* [Exercise prompt]: The records below must be copied out completely and exactly.

════════════════════

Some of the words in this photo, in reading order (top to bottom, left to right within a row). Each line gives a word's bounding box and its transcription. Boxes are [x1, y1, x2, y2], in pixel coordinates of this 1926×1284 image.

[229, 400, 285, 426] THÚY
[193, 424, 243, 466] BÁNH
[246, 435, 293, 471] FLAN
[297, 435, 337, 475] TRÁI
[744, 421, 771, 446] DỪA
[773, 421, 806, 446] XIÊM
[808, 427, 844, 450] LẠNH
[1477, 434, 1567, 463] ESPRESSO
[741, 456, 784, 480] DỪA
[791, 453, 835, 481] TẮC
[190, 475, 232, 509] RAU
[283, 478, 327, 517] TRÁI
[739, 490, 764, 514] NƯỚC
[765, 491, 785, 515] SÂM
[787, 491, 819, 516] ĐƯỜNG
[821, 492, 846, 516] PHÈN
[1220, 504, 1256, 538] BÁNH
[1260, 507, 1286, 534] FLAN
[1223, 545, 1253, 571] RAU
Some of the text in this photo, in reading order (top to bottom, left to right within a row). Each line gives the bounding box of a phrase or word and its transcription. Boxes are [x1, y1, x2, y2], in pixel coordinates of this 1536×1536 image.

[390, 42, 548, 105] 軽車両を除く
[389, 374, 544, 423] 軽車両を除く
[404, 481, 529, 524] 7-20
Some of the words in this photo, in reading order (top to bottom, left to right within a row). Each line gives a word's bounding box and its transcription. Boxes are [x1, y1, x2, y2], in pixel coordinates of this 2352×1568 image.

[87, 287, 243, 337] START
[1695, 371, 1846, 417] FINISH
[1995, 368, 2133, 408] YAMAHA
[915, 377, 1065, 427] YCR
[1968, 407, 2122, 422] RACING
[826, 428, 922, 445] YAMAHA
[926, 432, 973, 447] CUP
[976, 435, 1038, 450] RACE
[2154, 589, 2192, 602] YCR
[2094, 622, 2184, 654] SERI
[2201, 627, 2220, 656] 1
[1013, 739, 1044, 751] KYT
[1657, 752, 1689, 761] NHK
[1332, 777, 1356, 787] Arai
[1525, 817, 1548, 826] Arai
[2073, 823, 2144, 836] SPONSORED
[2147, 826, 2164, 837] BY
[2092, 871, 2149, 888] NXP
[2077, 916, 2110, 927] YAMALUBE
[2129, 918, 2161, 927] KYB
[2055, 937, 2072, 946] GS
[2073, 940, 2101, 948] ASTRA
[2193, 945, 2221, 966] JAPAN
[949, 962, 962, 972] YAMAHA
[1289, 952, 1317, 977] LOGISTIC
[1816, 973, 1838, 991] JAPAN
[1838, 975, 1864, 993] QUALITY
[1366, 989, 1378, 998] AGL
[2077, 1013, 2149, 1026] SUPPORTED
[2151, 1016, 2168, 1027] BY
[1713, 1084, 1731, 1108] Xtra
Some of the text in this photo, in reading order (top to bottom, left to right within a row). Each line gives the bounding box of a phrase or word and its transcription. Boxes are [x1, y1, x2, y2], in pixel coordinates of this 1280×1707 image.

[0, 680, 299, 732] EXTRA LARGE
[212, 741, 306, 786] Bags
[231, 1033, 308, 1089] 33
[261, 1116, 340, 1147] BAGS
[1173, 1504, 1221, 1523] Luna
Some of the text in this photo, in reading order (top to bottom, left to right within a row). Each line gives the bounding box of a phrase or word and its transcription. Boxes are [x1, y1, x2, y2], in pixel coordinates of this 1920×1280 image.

════════════════════

* [Result of the exercise]:
Some of the words in this photo, in reading order (top to bottom, left to right within a row). Each line gives a word's bounding box and its transcription. Boxes are [x1, y1, x2, y2], in pixel coordinates of this 1926×1284 image.

[229, 400, 285, 426] THÚY
[193, 424, 243, 466] BÁNH
[246, 435, 293, 471] FLAN
[297, 435, 337, 475] TRÁI
[744, 421, 771, 446] DỪA
[773, 421, 806, 446] XIÊM
[808, 427, 844, 450] LẠNH
[1477, 434, 1567, 463] ESPRESSO
[741, 456, 784, 480] DỪA
[791, 453, 835, 481] TẮC
[190, 475, 232, 509] RAU
[283, 478, 327, 517] TRÁI
[739, 490, 764, 514] NƯỚC
[765, 491, 785, 515] SÂM
[787, 491, 819, 516] ĐƯỜNG
[821, 492, 846, 516] PHÈN
[1220, 504, 1256, 538] BÁNH
[1260, 507, 1286, 534] FLAN
[1223, 545, 1253, 571] RAU
Some of the text in this photo, in reading order (top to bottom, left to right within a row). Each line gives the bounding box of a phrase or word and its transcription. Boxes are [x1, y1, x2, y2], in pixel coordinates of this 1536×1536 image.

[390, 42, 548, 105] 軽車両を除く
[389, 374, 544, 423] 軽車両を除く
[404, 481, 529, 524] 7-20
Some of the words in this photo, in reading order (top to bottom, left to right within a row). Each line gives a word's bounding box and its transcription. Boxes are [x1, y1, x2, y2], in pixel coordinates of this 2352×1568 image.

[87, 287, 243, 337] START
[1695, 371, 1846, 417] FINISH
[1995, 368, 2133, 408] YAMAHA
[915, 377, 1065, 427] YCR
[1968, 407, 2122, 422] RACING
[826, 428, 922, 445] YAMAHA
[926, 432, 973, 447] CUP
[976, 435, 1038, 450] RACE
[2154, 589, 2192, 602] YCR
[2094, 622, 2184, 654] SERI
[2201, 627, 2220, 656] 1
[1013, 739, 1044, 751] KYT
[1657, 752, 1689, 761] NHK
[1332, 777, 1356, 787] Arai
[1525, 817, 1548, 826] Arai
[2073, 823, 2144, 836] SPONSORED
[2147, 826, 2164, 837] BY
[2092, 871, 2149, 888] NXP
[2077, 916, 2110, 927] YAMALUBE
[2129, 918, 2161, 927] KYB
[2055, 937, 2072, 946] GS
[2073, 940, 2101, 948] ASTRA
[2193, 945, 2221, 966] JAPAN
[949, 962, 962, 972] YAMAHA
[1289, 952, 1317, 977] LOGISTIC
[1816, 973, 1838, 991] JAPAN
[1838, 975, 1864, 993] QUALITY
[1366, 989, 1378, 998] AGL
[2077, 1013, 2149, 1026] SUPPORTED
[2151, 1016, 2168, 1027] BY
[1713, 1084, 1731, 1108] Xtra
Some of the text in this photo, in reading order (top to bottom, left to right within a row). Each line gives the bounding box of a phrase or word and its transcription. Boxes are [x1, y1, x2, y2], in pixel coordinates of this 1280×1707 image.

[0, 680, 299, 732] EXTRA LARGE
[212, 741, 306, 786] Bags
[231, 1033, 308, 1089] 33
[261, 1116, 340, 1147] BAGS
[1173, 1504, 1221, 1523] Luna
Some of the text in this photo, in reading order (top to bottom, left to right within a row). Each line gives the bounding box of a phrase or word and its transcription. Boxes are [x1, y1, x2, y2], in pixel coordinates of this 1920×1280 image.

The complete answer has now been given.